Electrical Rewiring in London Period Properties: A Practical Guide

Electrical Rewiring in London Period Properties: A Practical Guide

Most London Victorian and Edwardian properties that have not been fully rewired within the last 25 years are operating on an electrical installation that no longer meets current standards. A full rewire is one of the most disruptive — and most necessary — elements of a serious renovation.

The electrical installation is invisible in a finished property but foundational to everything else. In London period properties, it is also frequently inadequate. This guide explains what a full rewire involves, how it fits into the renovation sequence, and what to consider for a high-specification contemporary installation in a period building.

When is a rewire necessary?

A full rewire should be considered when:

  • The installation has not been updated within the last 25–30 years
  • The property has rubber-insulated or lead-sheathed wiring (pre-1960s installations)
  • The consumer unit contains rewirable fuses rather than MCBs and RCDs
  • There are insufficient sockets for modern use (a Victorian house with one or two sockets per room is not adequate for contemporary occupation)
  • The property is being substantially renovated and walls, floors, and ceilings are being opened up in any case
  • An EV charging point, heat pump, or other high-draw appliance is being added

The trigger for rewiring during a renovation is not purely safety — though safety matters — it is practicality. Once plasterwork is being stripped and floors are being lifted, the marginal cost of rewiring is far lower than returning to the same works later. Rewiring after decoration is complete means chasing channels, making good, and redecorating again.

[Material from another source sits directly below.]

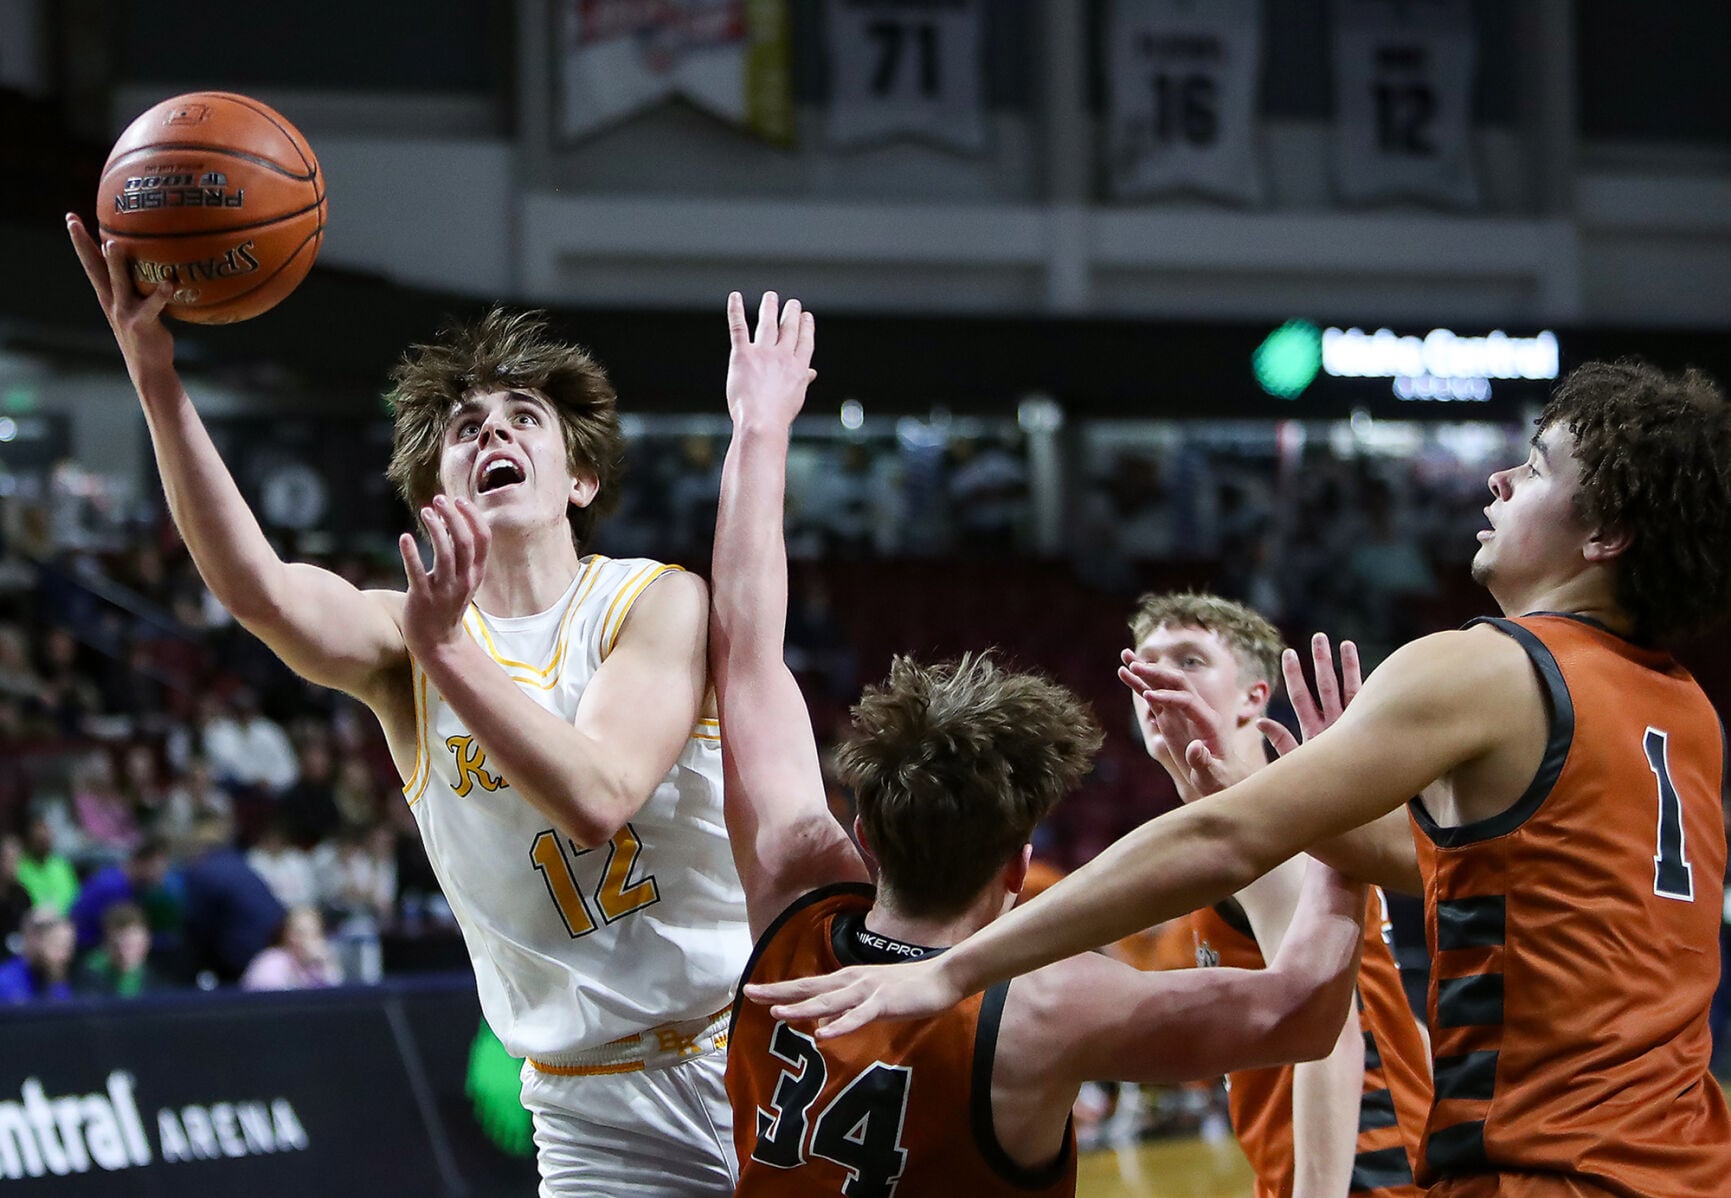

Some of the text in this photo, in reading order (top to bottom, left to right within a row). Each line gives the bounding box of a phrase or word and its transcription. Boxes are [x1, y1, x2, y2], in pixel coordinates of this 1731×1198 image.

What a full rewire involves

Scope of works

A full rewire in a London period property typically covers:

  • Removal of all existing wiring back to the consumer unit
  • Installation of a new consumer unit (distribution board) compliant with BS 7671:2018 (IET Wiring Regulations, 18th Edition) — typically located in a ground floor cupboard or utility area
  • New ring main circuits for power sockets on each floor
  • New radial circuits for kitchen appliances (oven, hob, fridge, dishwasher, washing machine)
  • Lighting circuits for each floor
  • Bathroom and en-suite circuits with RCD protection and appropriate IP-rated fittings
  • Garden and external circuits
  • Data and AV infrastructure (see below)
  • EV charger circuit if required

The installation sequence in a renovation

Electrical first fix — the running of cables before walls are plastered and floors are boarded — must happen before plastering. The sequence is:

  1. 1.Strip plaster / lift floors (as part of renovation first fix)
  2. 2.Electrical first fix: run all cables, install back boxes for sockets and switches, mount consumer unit
  3. 3.Mechanical first fix (plumbing, heating pipes)
  4. 4.Insulation and plasterboard / plaster
  5. 5.Second fix: fit sockets, switches, light fittings, consumer unit connections
  6. 6.Testing and certification (EICR)

Disrupting this sequence — attempting electrical work after plastering — results in surface-run conduit, unnecessary making good, and a poor finish. In a serious renovation, this is not acceptable.

Cable routing in period properties

Period properties present specific challenges for cable routing:

Solid masonry walls: cables must be chased into the plaster or masonry and plastered over, or run in surface conduit (only acceptable in service areas). Chasing should follow vertical and horizontal routes only, per Part P of the Building Regulations, to facilitate future safe working.

Suspended timber floors: cables can be run through floor voids between joists. Where cables cross joists, drill at the centre of the joist depth (not close to the top or bottom edge where floor fixings are most likely to penetrate).

Lath and plaster ceilings: these are fragile and valuable in period properties. Cables can be run through ceiling voids above, or surface-run and plastered over where the ceiling is being replaced. Avoid chasing lath-and-plaster ceilings wherever possible.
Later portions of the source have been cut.